- **INPUT FOR THIS TASK**

□ □ □ □ □

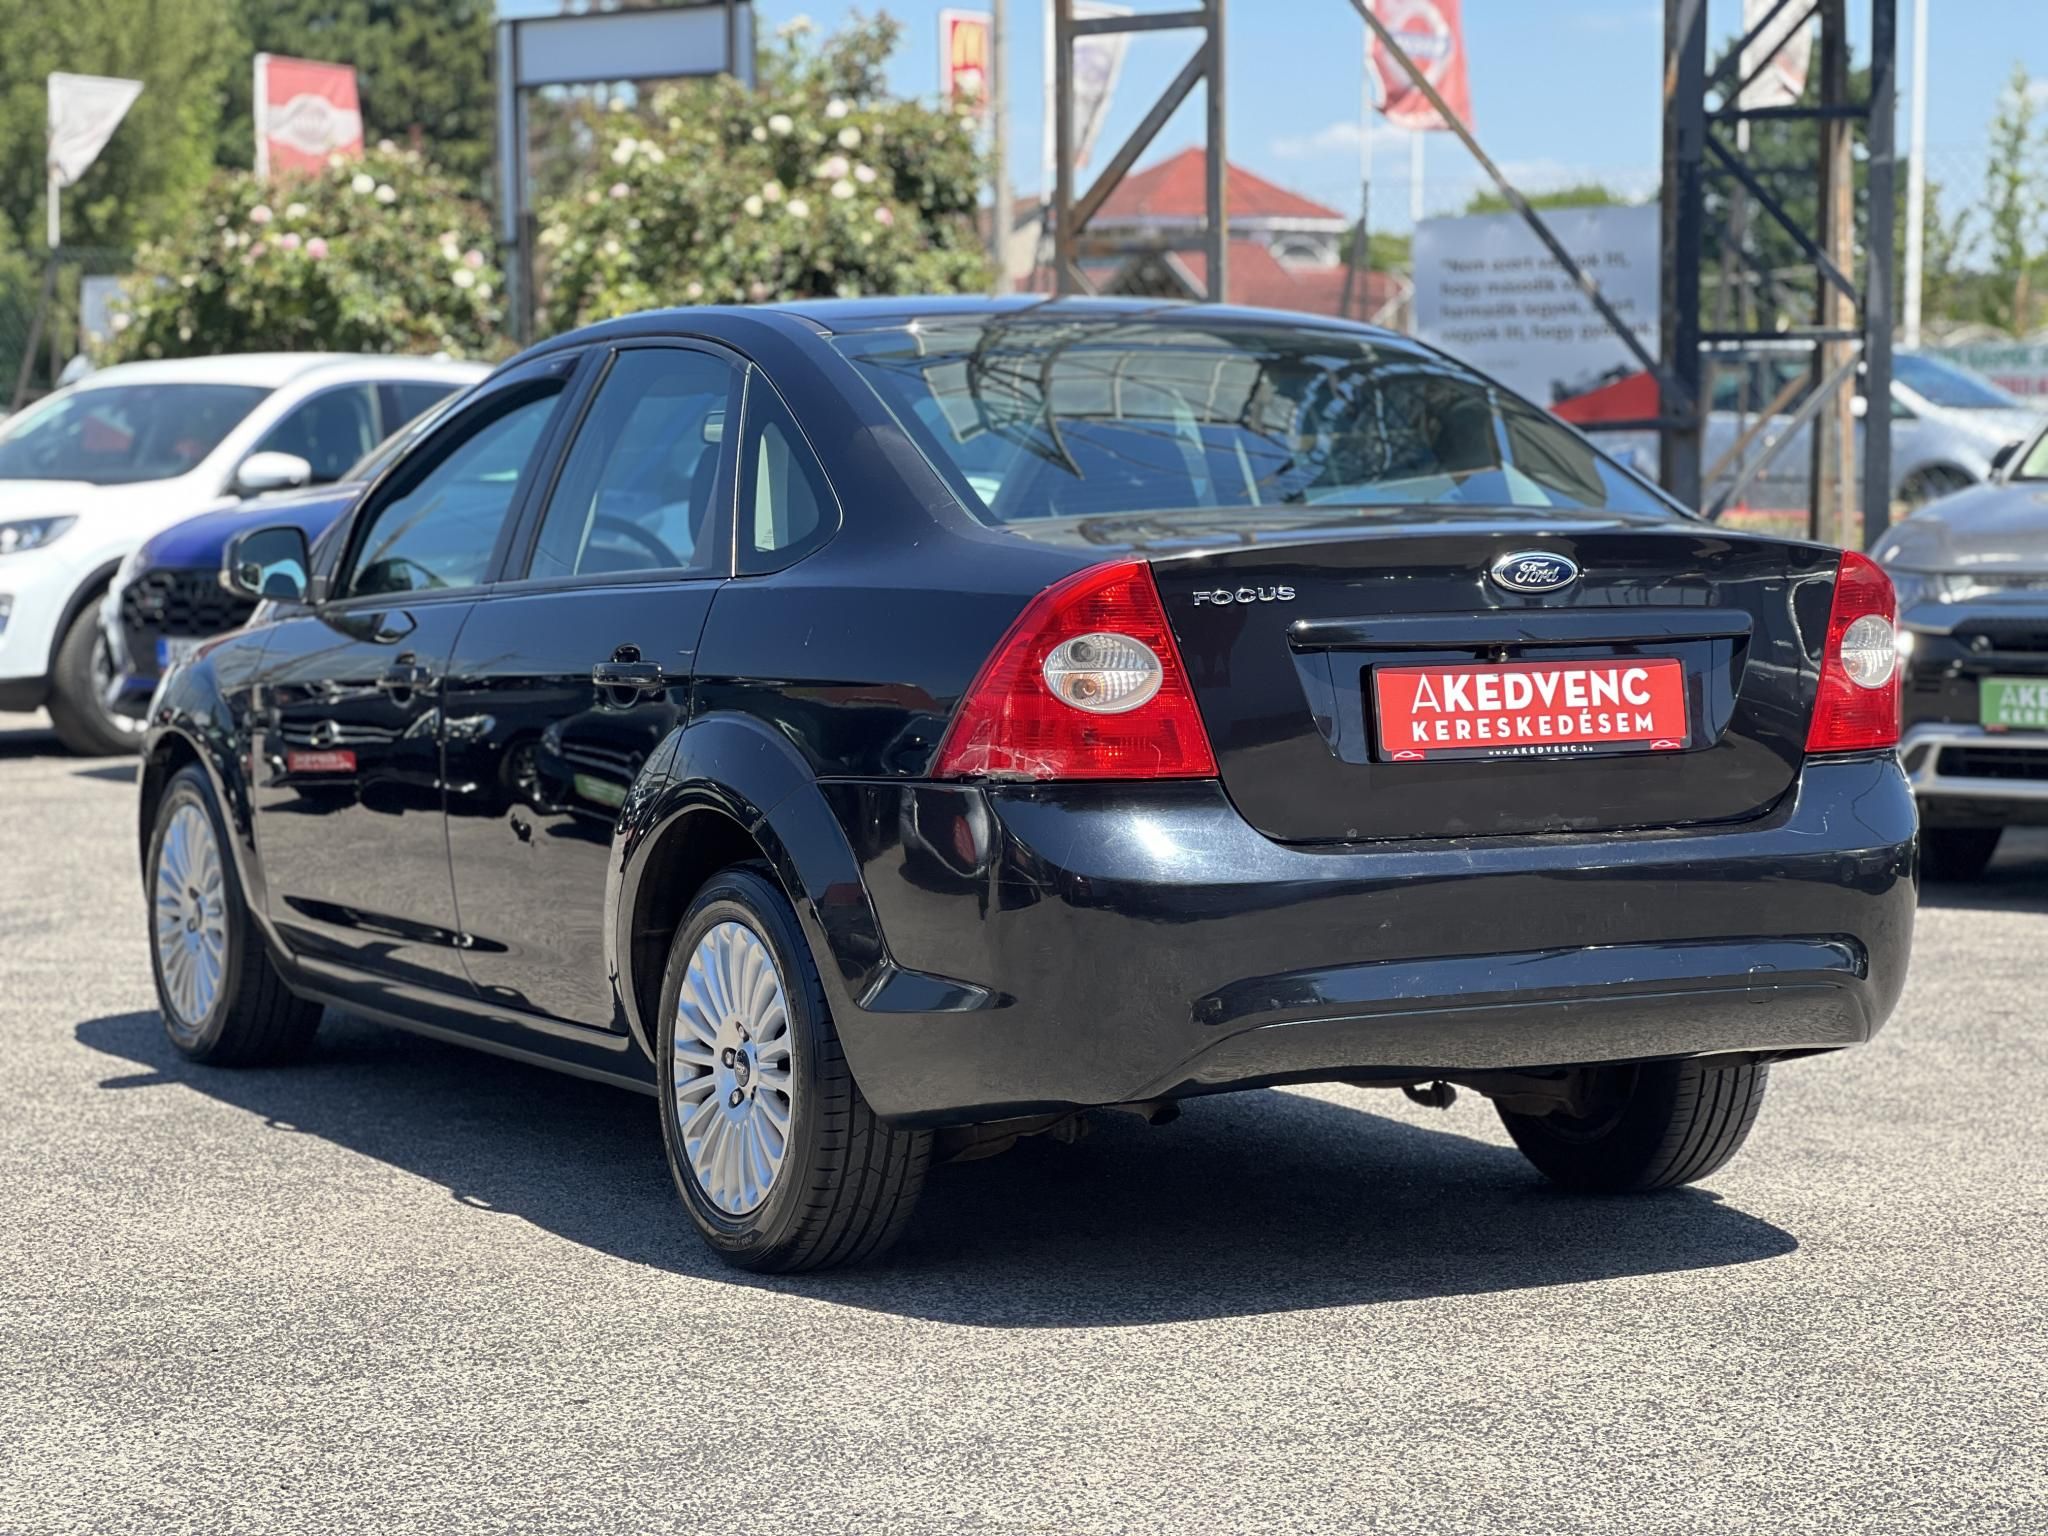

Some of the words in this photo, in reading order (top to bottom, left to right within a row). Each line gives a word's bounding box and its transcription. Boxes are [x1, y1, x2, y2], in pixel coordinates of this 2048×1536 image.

[1515, 561, 1559, 583] Ford
[1193, 586, 1296, 606] FOCUS
[1411, 668, 1651, 713] AKEDVENC
[1412, 708, 1654, 742] KERESKEDÉSEM
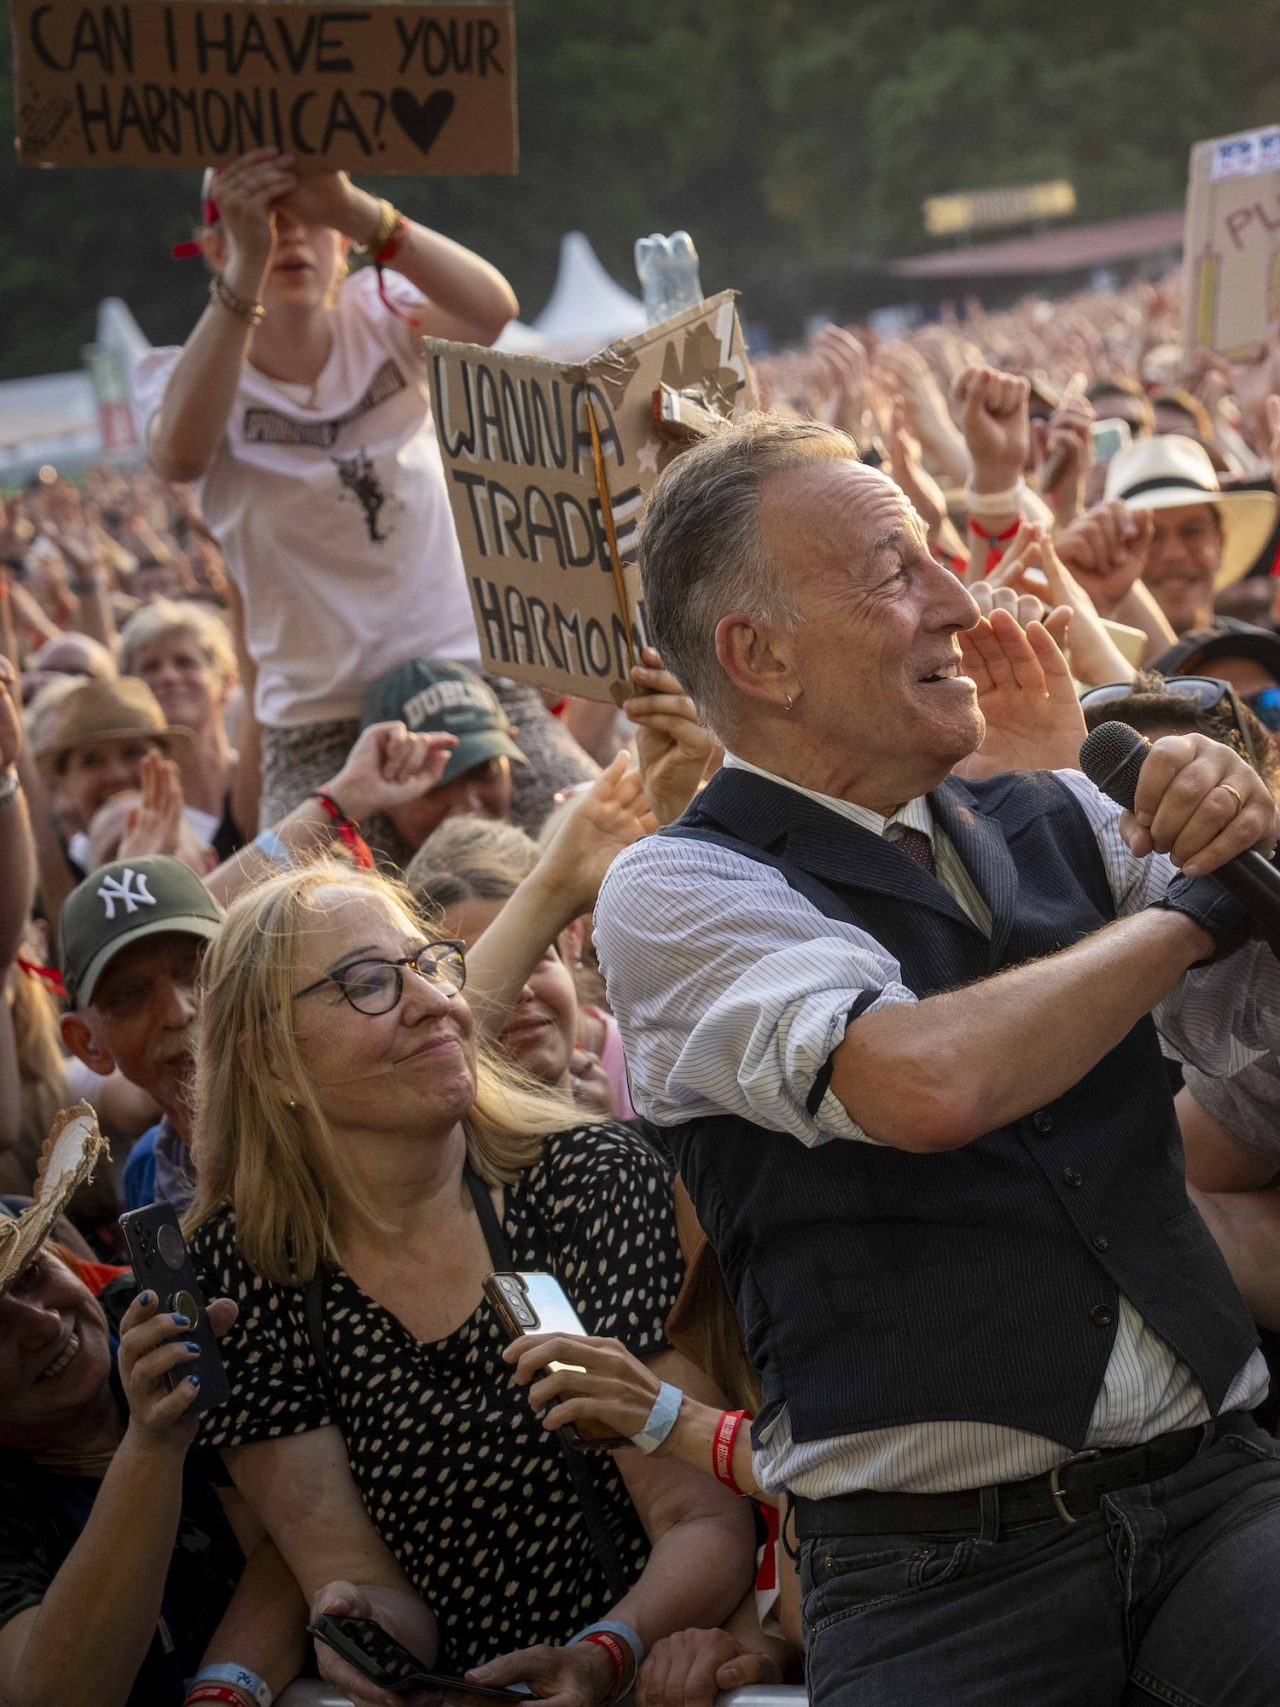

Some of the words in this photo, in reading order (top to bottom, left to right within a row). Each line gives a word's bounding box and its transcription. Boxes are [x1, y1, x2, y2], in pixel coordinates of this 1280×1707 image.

[30, 5, 134, 75] CAN
[164, 7, 177, 73] I
[196, 11, 373, 75] HAVE
[394, 15, 505, 78] YOUR
[75, 80, 387, 156] HARMONICA?
[434, 355, 625, 474] WANNA
[452, 468, 643, 572] TRADE
[97, 867, 157, 920] NY
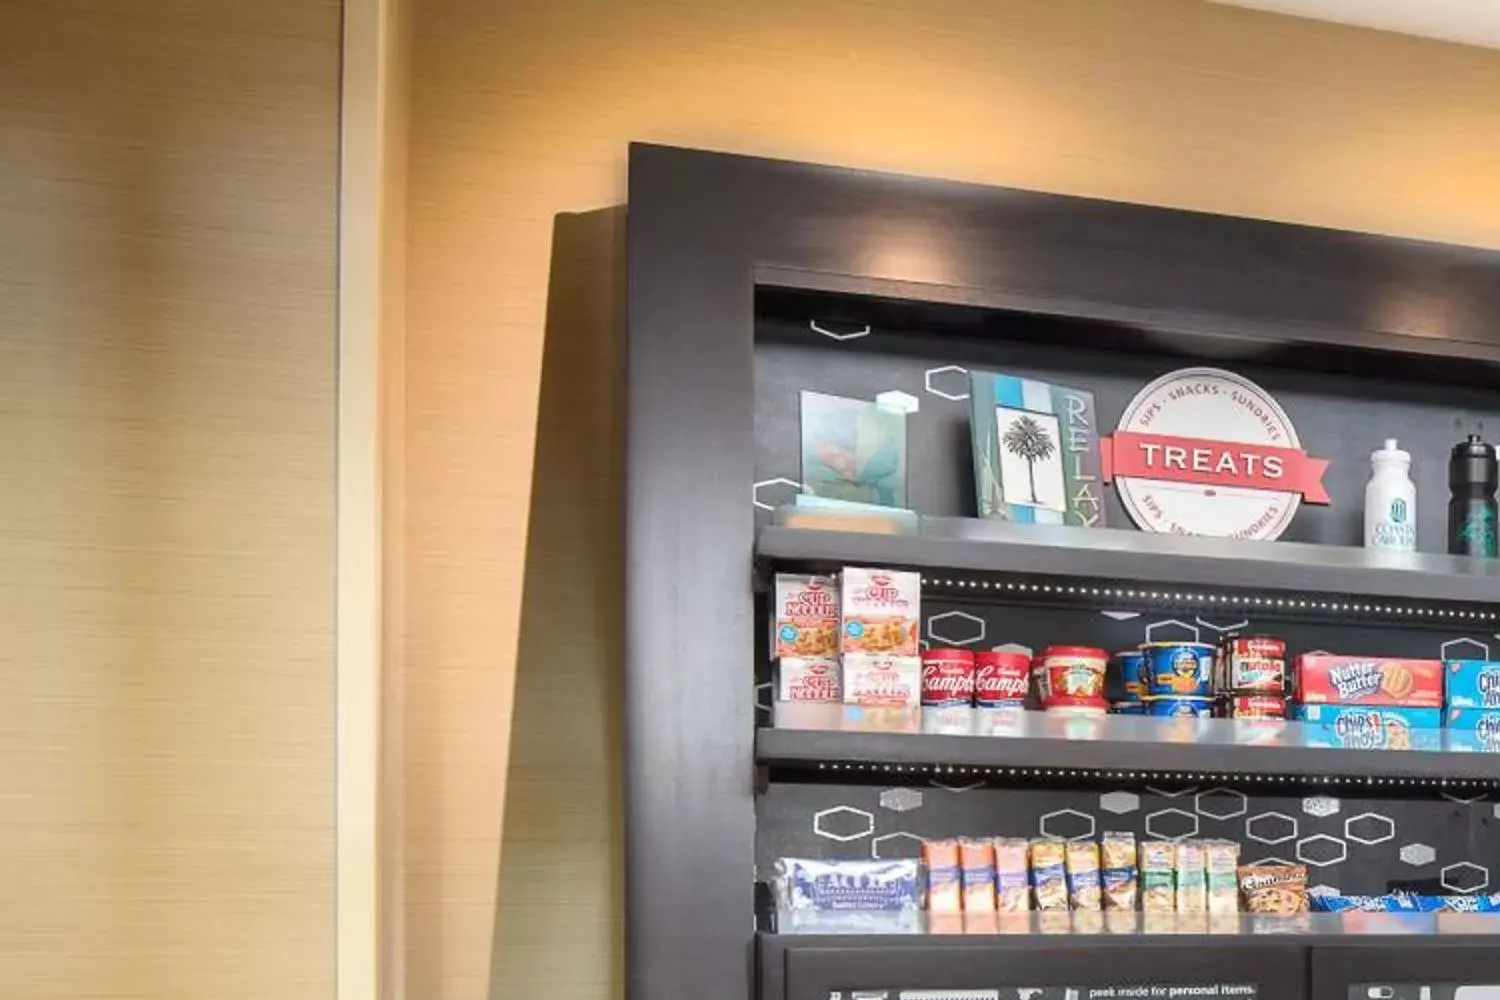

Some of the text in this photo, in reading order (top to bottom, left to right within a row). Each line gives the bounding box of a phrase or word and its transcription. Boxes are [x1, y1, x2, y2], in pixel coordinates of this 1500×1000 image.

[1140, 383, 1281, 440] SIPS SNACKS SUNDRIES
[1139, 443, 1284, 478] TREATS
[1142, 495, 1161, 520] SIPS
[1329, 662, 1376, 685] Nutter
[1338, 673, 1382, 698] Butter
[1151, 985, 1167, 996] for
[1169, 984, 1218, 998] personal
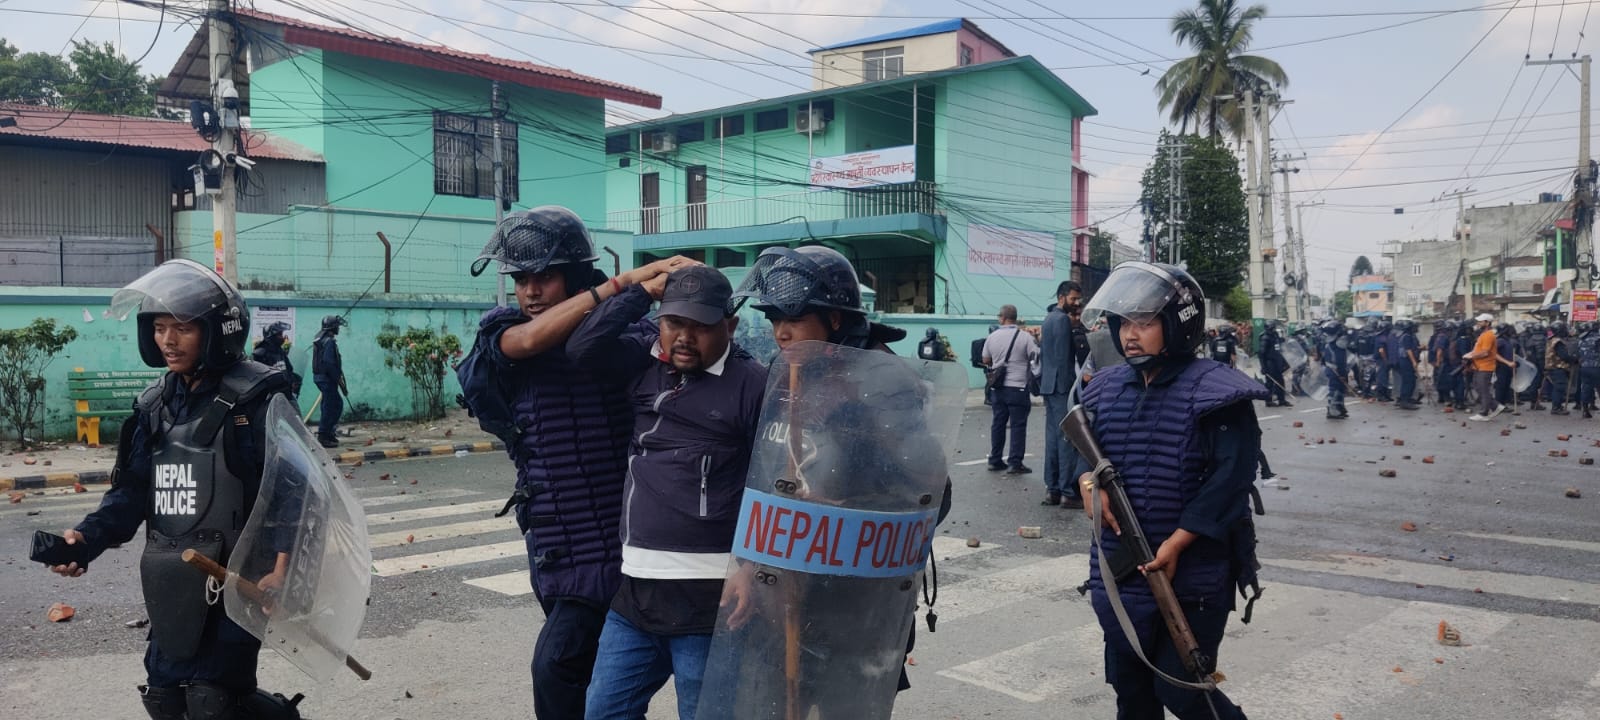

□ □ □ □ □

- **WHAT IS BEING ASKED**
Only the lines from the one that holds "this 1280×1707 image." through the final line of the material should be reproduced, word for word, with the pictures omitted.

- **ANSWER BOX**
Some of the words in this photo, in reading order (top to bottom, left to right within a row). Each line gives a word's bounding box and its transcription. Boxes are [x1, y1, x2, y2], in pixel coordinates of this 1280×1707 image.

[30, 5, 134, 75] CAN
[164, 7, 177, 73] I
[196, 11, 373, 75] HAVE
[394, 15, 505, 78] YOUR
[75, 80, 387, 156] HARMONICA?
[434, 355, 625, 474] WANNA
[452, 468, 643, 572] TRADE
[97, 867, 157, 920] NY

Some of the text in this photo, in reading order (top to bottom, left to right within a row). Each line gives the bounding box of a phrase or word and its transcription. Boxes are [x1, y1, x2, y2], in pixel coordinates of this 1500×1000 image.

[1140, 383, 1281, 440] SIPS SNACKS SUNDRIES
[1139, 443, 1284, 478] TREATS
[1142, 495, 1161, 520] SIPS
[1329, 662, 1376, 685] Nutter
[1338, 673, 1382, 698] Butter
[1151, 985, 1167, 996] for
[1169, 984, 1218, 998] personal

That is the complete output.